• **Description of the task**
Quote all lines below exactly. Images stay out.

• **Available data**
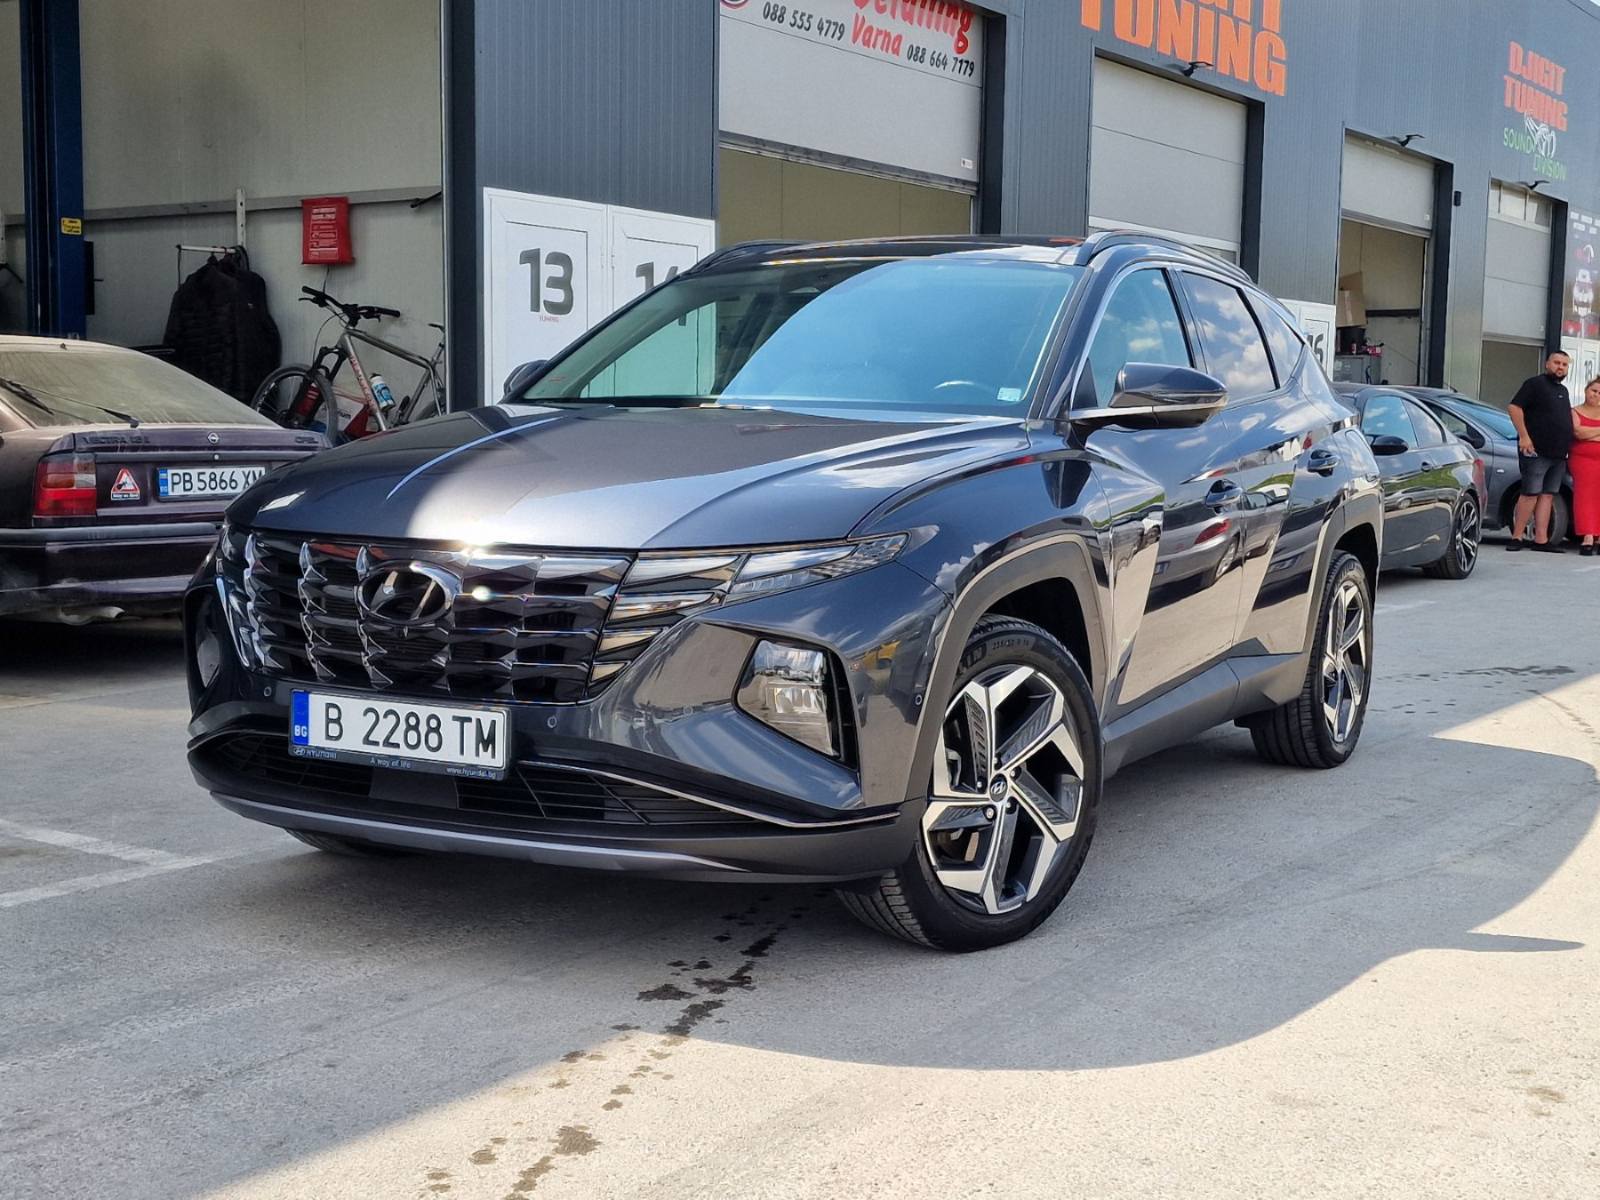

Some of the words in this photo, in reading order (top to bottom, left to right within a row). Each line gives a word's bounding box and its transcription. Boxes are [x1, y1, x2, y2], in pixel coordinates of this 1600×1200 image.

[763, 2, 786, 24] 088
[789, 10, 813, 31] 555
[817, 18, 845, 41] 4779
[851, 12, 903, 57] Varna
[854, 0, 975, 54] ailing
[906, 44, 926, 64] 088
[929, 50, 948, 71] 664
[951, 57, 975, 77] 7179
[1503, 75, 1568, 132] TUNING
[1503, 127, 1534, 154] SOUND
[519, 248, 574, 316] 13
[171, 472, 193, 492] PB
[197, 470, 238, 491] 5866
[294, 725, 308, 738] BG
[324, 702, 343, 742] B
[362, 707, 443, 753] 2288
[452, 715, 497, 760] TM
[370, 757, 376, 765] A

• **Answer space**
Some of the words in this photo, in reading order (top to bottom, left to right within a row). Each line gives a word's bounding box and its transcription. Boxes are [x1, y1, x2, y2], in pixel coordinates of this 1600×1200 image.

[763, 2, 786, 24] 088
[789, 10, 813, 31] 555
[817, 18, 845, 41] 4779
[851, 12, 903, 57] Varna
[854, 0, 975, 54] ailing
[906, 44, 926, 64] 088
[929, 50, 948, 71] 664
[951, 57, 975, 77] 7179
[1503, 75, 1568, 132] TUNING
[1503, 127, 1534, 154] SOUND
[519, 248, 574, 316] 13
[171, 472, 193, 492] PB
[197, 470, 238, 491] 5866
[294, 725, 308, 738] BG
[324, 702, 343, 742] B
[362, 707, 443, 753] 2288
[452, 715, 497, 760] TM
[370, 757, 376, 765] A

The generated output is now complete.